- [WHAT THE EXERCISE ASKS]: Every entry that follows should be repeated exactly; drop the images.

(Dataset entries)
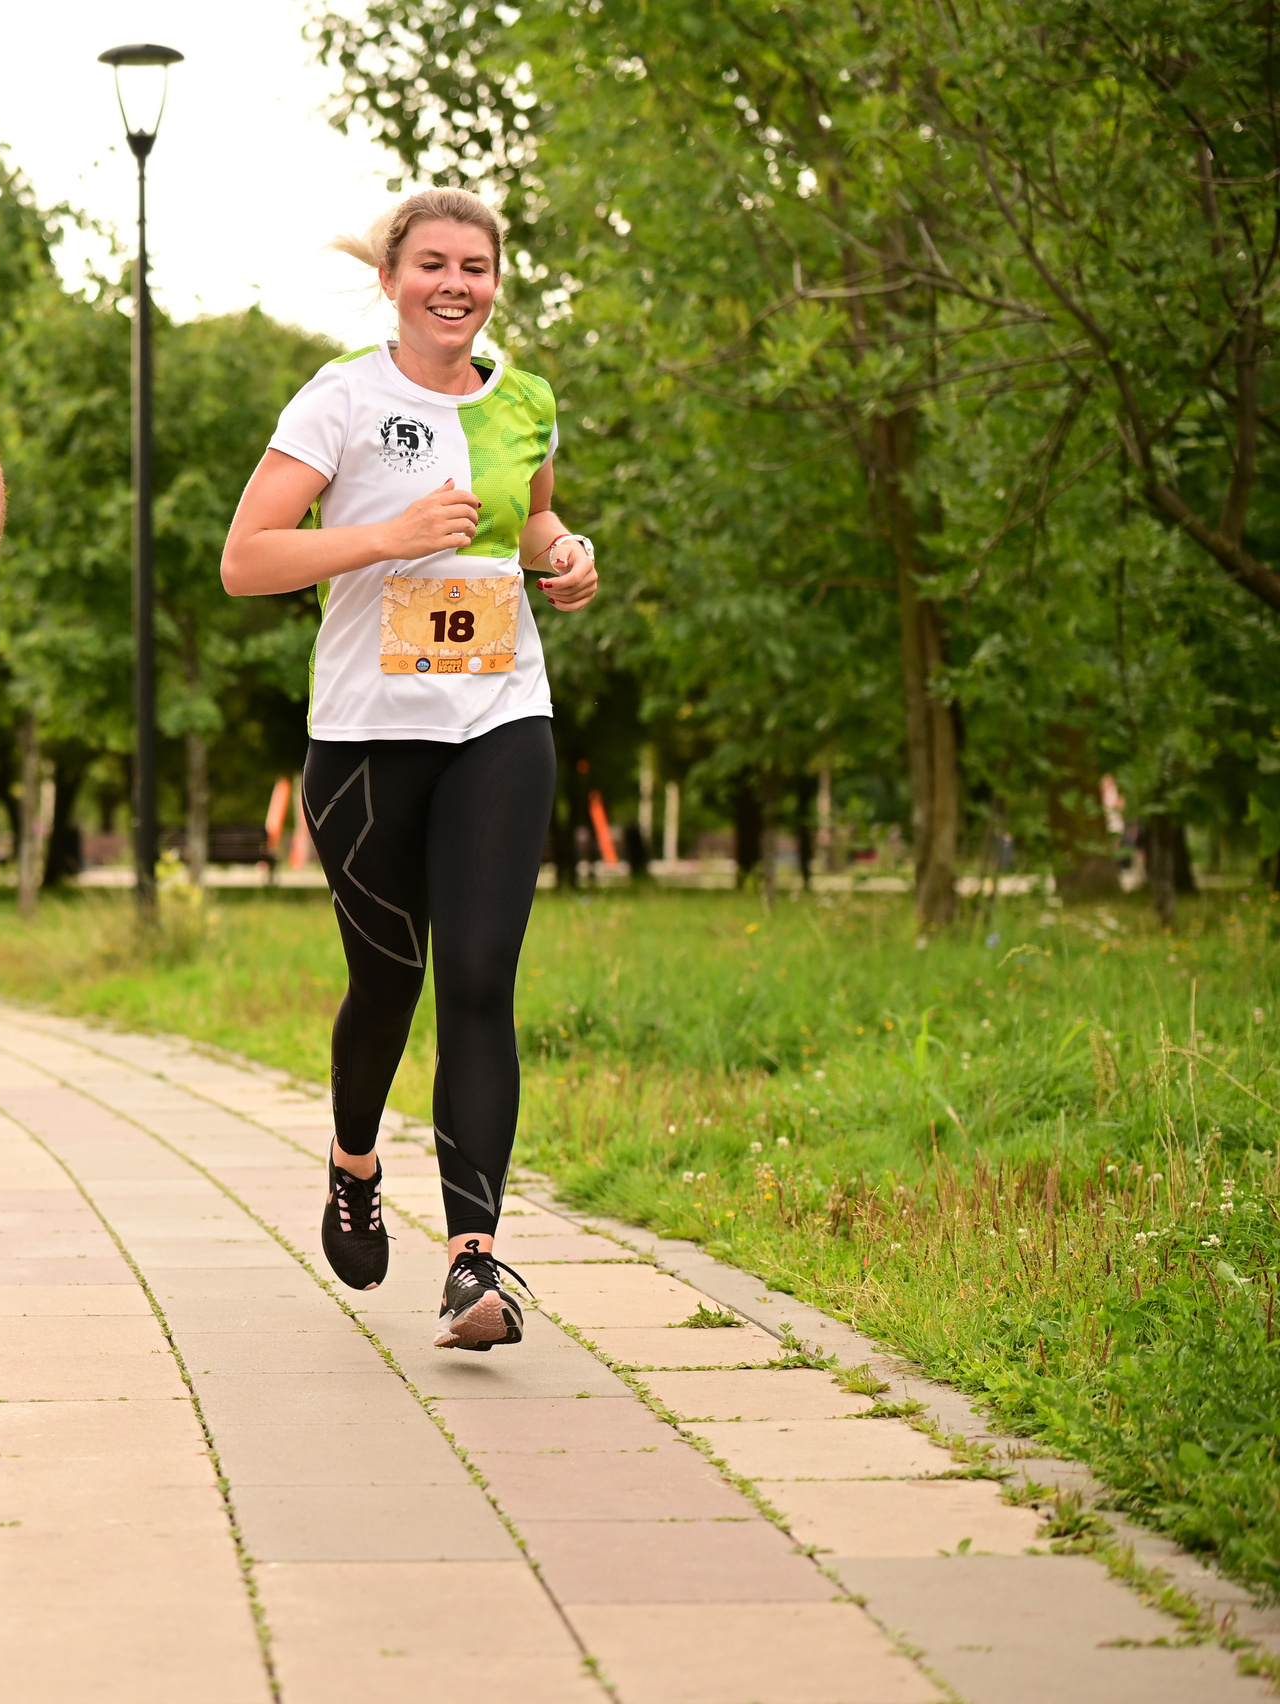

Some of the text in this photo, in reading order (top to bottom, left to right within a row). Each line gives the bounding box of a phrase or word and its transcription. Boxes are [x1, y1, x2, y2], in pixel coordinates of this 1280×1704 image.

[396, 424, 419, 451] 5
[378, 452, 440, 474] ANNIVERSARY
[399, 451, 420, 459] BRUT
[430, 610, 475, 643] 18
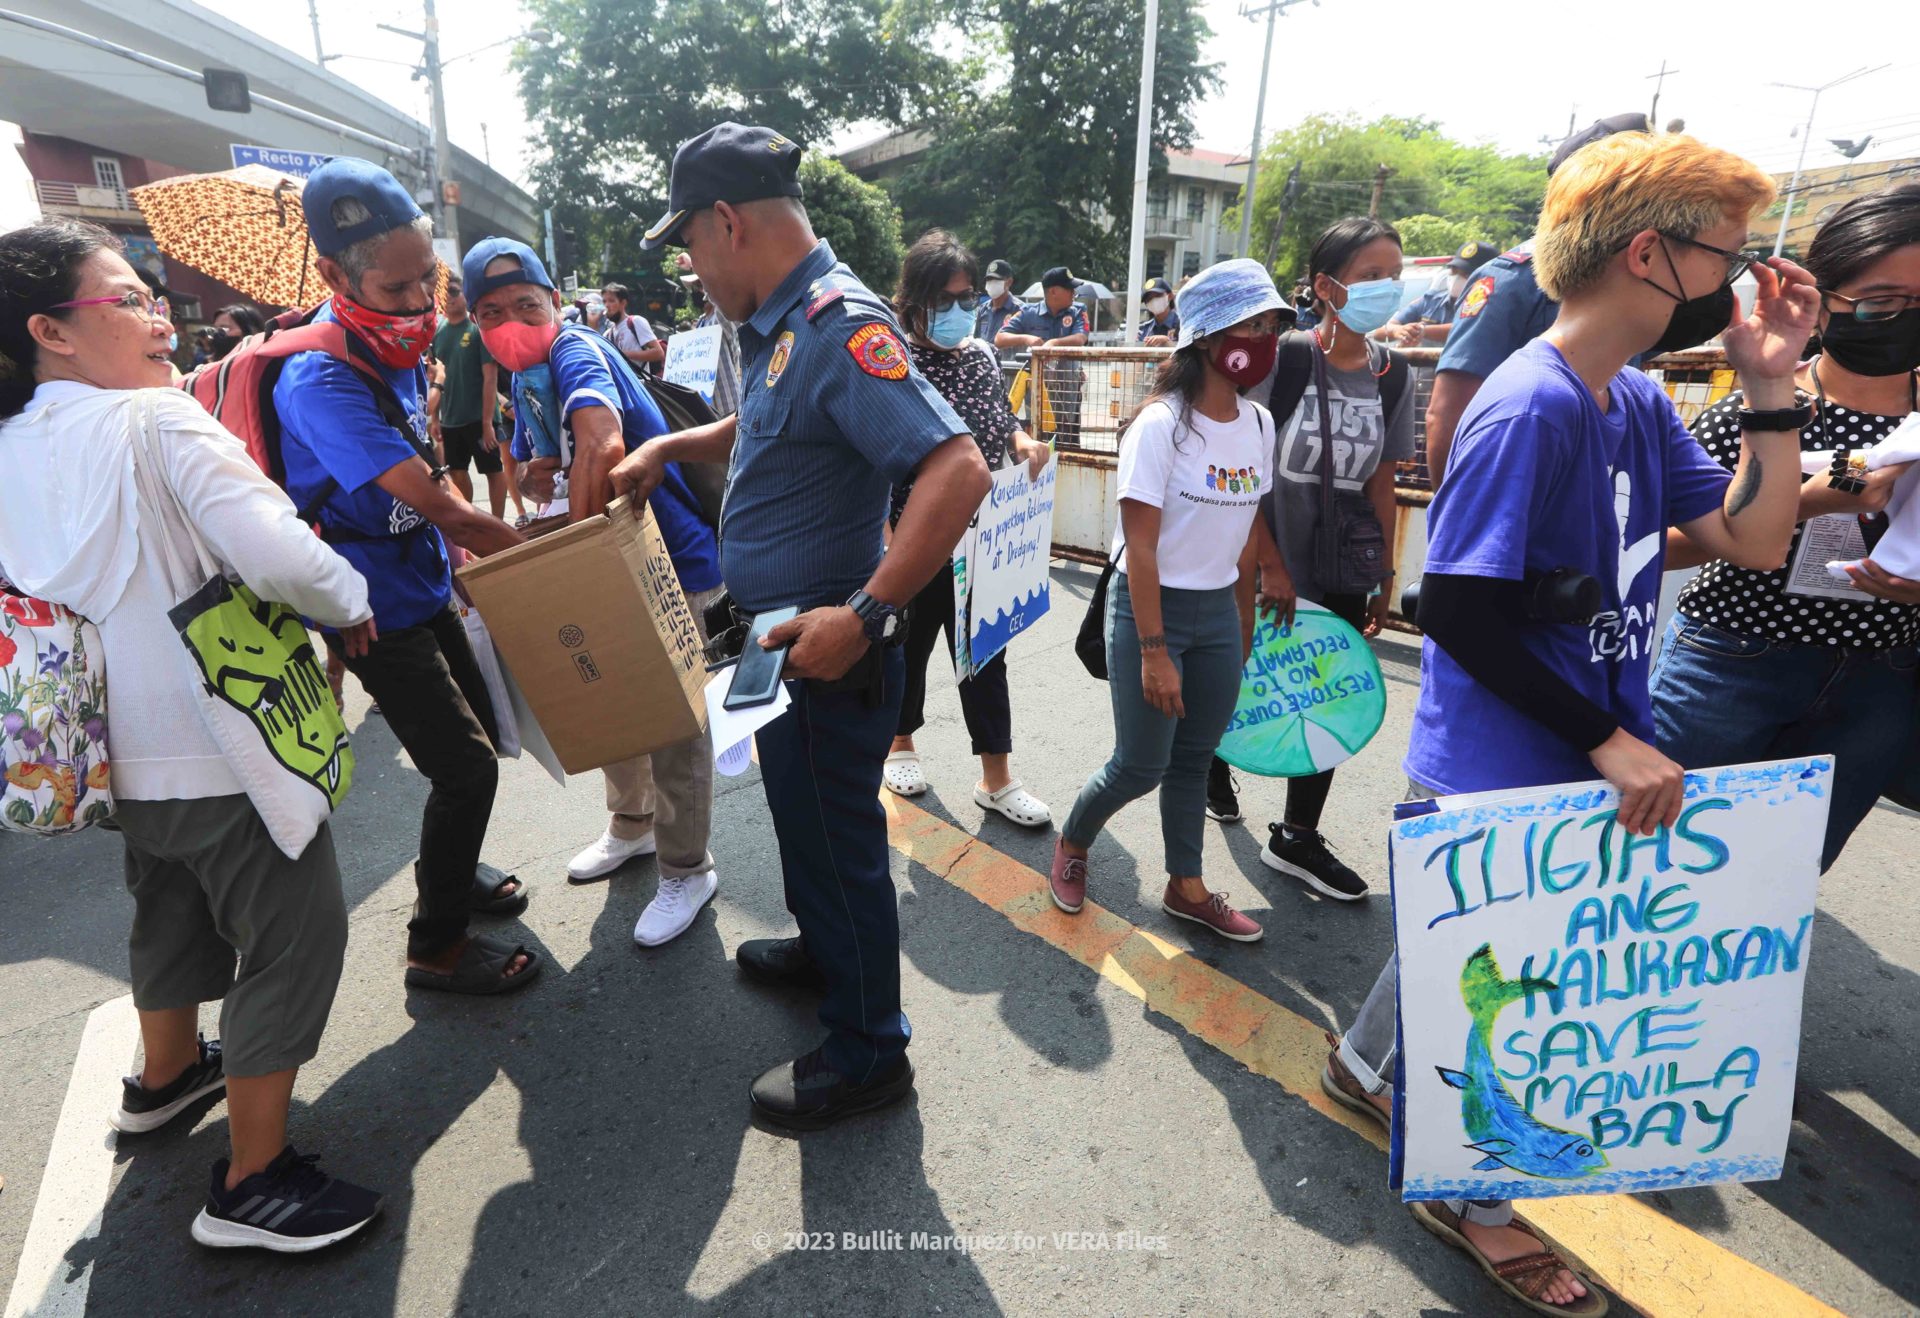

- [WRITTEN RESPONSE]:
Some of the text in this photo, in reading order (top to bottom, left to right within a row). Each line gives the bounding box of a phrase or word and its transcription. Boxes are [x1, y1, x2, y2], in pixel coordinates of this 1280×1704 image.

[396, 424, 419, 451] 5
[378, 452, 440, 474] ANNIVERSARY
[399, 451, 420, 459] BRUT
[430, 610, 475, 643] 18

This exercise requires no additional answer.